Extract all of the entries and give them again, word for word.

━━━━━ Study material ━━━━━

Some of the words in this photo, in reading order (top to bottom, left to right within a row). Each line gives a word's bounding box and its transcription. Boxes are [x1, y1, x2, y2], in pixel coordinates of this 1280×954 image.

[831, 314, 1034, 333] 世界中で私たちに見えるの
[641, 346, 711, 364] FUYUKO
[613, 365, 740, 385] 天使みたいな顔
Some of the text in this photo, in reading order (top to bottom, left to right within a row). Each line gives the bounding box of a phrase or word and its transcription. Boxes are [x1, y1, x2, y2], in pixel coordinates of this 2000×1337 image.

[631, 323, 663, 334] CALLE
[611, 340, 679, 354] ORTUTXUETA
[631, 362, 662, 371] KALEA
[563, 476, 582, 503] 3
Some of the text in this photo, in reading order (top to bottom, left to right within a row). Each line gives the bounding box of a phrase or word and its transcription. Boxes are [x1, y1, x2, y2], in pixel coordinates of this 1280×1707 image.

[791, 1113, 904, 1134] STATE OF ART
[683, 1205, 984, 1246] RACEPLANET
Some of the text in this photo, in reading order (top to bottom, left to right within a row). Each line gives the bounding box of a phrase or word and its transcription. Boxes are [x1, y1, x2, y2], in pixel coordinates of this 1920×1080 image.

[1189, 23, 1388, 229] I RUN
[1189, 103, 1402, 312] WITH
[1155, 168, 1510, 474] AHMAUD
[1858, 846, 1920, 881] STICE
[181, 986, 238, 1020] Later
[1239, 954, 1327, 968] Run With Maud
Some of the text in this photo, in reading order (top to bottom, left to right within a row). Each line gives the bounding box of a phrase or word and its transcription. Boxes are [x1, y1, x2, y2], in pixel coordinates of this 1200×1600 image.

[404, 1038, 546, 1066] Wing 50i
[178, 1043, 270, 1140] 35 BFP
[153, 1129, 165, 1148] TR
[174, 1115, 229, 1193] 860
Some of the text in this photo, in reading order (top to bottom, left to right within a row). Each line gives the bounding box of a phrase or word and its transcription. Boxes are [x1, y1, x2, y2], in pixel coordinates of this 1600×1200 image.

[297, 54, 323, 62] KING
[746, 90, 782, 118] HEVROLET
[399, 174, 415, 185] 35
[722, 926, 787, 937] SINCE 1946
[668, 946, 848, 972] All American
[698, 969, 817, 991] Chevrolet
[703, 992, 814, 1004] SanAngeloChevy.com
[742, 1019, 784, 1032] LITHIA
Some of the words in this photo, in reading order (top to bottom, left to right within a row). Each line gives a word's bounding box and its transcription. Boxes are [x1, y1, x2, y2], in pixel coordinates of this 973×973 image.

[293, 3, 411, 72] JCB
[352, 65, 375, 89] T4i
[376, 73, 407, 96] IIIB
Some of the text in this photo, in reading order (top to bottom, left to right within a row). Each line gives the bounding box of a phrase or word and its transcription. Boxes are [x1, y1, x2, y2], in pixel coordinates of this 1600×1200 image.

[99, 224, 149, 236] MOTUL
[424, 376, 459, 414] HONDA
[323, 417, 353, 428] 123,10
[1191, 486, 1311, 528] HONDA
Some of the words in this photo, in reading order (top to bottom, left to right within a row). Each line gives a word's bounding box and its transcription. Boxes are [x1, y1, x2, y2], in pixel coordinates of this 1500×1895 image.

━━━━━

▸ Completed task:
Some of the words in this photo, in reading order (top to bottom, left to right within a row). Each line gives a word's bounding box and its transcription. Boxes are [x1, y1, x2, y2], in pixel coordinates of this 1280×954 image.

[831, 314, 1034, 333] 世界中で私たちに見えるの
[641, 346, 711, 364] FUYUKO
[613, 365, 740, 385] 天使みたいな顔
Some of the text in this photo, in reading order (top to bottom, left to right within a row). Each line gives the bounding box of a phrase or word and its transcription. Boxes are [x1, y1, x2, y2], in pixel coordinates of this 2000×1337 image.

[631, 323, 663, 334] CALLE
[611, 340, 679, 354] ORTUTXUETA
[631, 362, 662, 371] KALEA
[563, 476, 582, 503] 3
Some of the text in this photo, in reading order (top to bottom, left to right within a row). Each line gives the bounding box of a phrase or word and its transcription. Boxes are [x1, y1, x2, y2], in pixel coordinates of this 1280×1707 image.

[791, 1113, 904, 1134] STATE OF ART
[683, 1205, 984, 1246] RACEPLANET
Some of the text in this photo, in reading order (top to bottom, left to right within a row). Each line gives the bounding box of a phrase or word and its transcription. Boxes are [x1, y1, x2, y2], in pixel coordinates of this 1920×1080 image.

[1189, 23, 1388, 229] I RUN
[1189, 103, 1402, 312] WITH
[1155, 168, 1510, 474] AHMAUD
[1858, 846, 1920, 881] STICE
[181, 986, 238, 1020] Later
[1239, 954, 1327, 968] Run With Maud
Some of the text in this photo, in reading order (top to bottom, left to right within a row). Each line gives the bounding box of a phrase or word and its transcription. Boxes are [x1, y1, x2, y2], in pixel coordinates of this 1200×1600 image.

[404, 1038, 546, 1066] Wing 50i
[178, 1043, 270, 1140] 35 BFP
[153, 1129, 165, 1148] TR
[174, 1115, 229, 1193] 860
Some of the text in this photo, in reading order (top to bottom, left to right within a row). Each line gives the bounding box of a phrase or word and its transcription. Boxes are [x1, y1, x2, y2], in pixel coordinates of this 1600×1200 image.

[297, 54, 323, 62] KING
[746, 90, 782, 118] HEVROLET
[399, 174, 415, 185] 35
[722, 926, 787, 937] SINCE 1946
[668, 946, 848, 972] All American
[698, 969, 817, 991] Chevrolet
[703, 992, 814, 1004] SanAngeloChevy.com
[742, 1019, 784, 1032] LITHIA
Some of the words in this photo, in reading order (top to bottom, left to right within a row). Each line gives a word's bounding box and its transcription. Boxes are [x1, y1, x2, y2], in pixel coordinates of this 973×973 image.

[293, 3, 411, 72] JCB
[352, 65, 375, 89] T4i
[376, 73, 407, 96] IIIB
Some of the text in this photo, in reading order (top to bottom, left to right within a row). Each line gives the bounding box of a phrase or word and its transcription. Boxes are [x1, y1, x2, y2], in pixel coordinates of this 1600×1200 image.

[99, 224, 149, 236] MOTUL
[424, 376, 459, 414] HONDA
[323, 417, 353, 428] 123,10
[1191, 486, 1311, 528] HONDA
Some of the words in this photo, in reading order (top to bottom, left to right within a row). Each line gives a word's bounding box and its transcription. Boxes are [x1, y1, x2, y2], in pixel coordinates of this 1500×1895 image.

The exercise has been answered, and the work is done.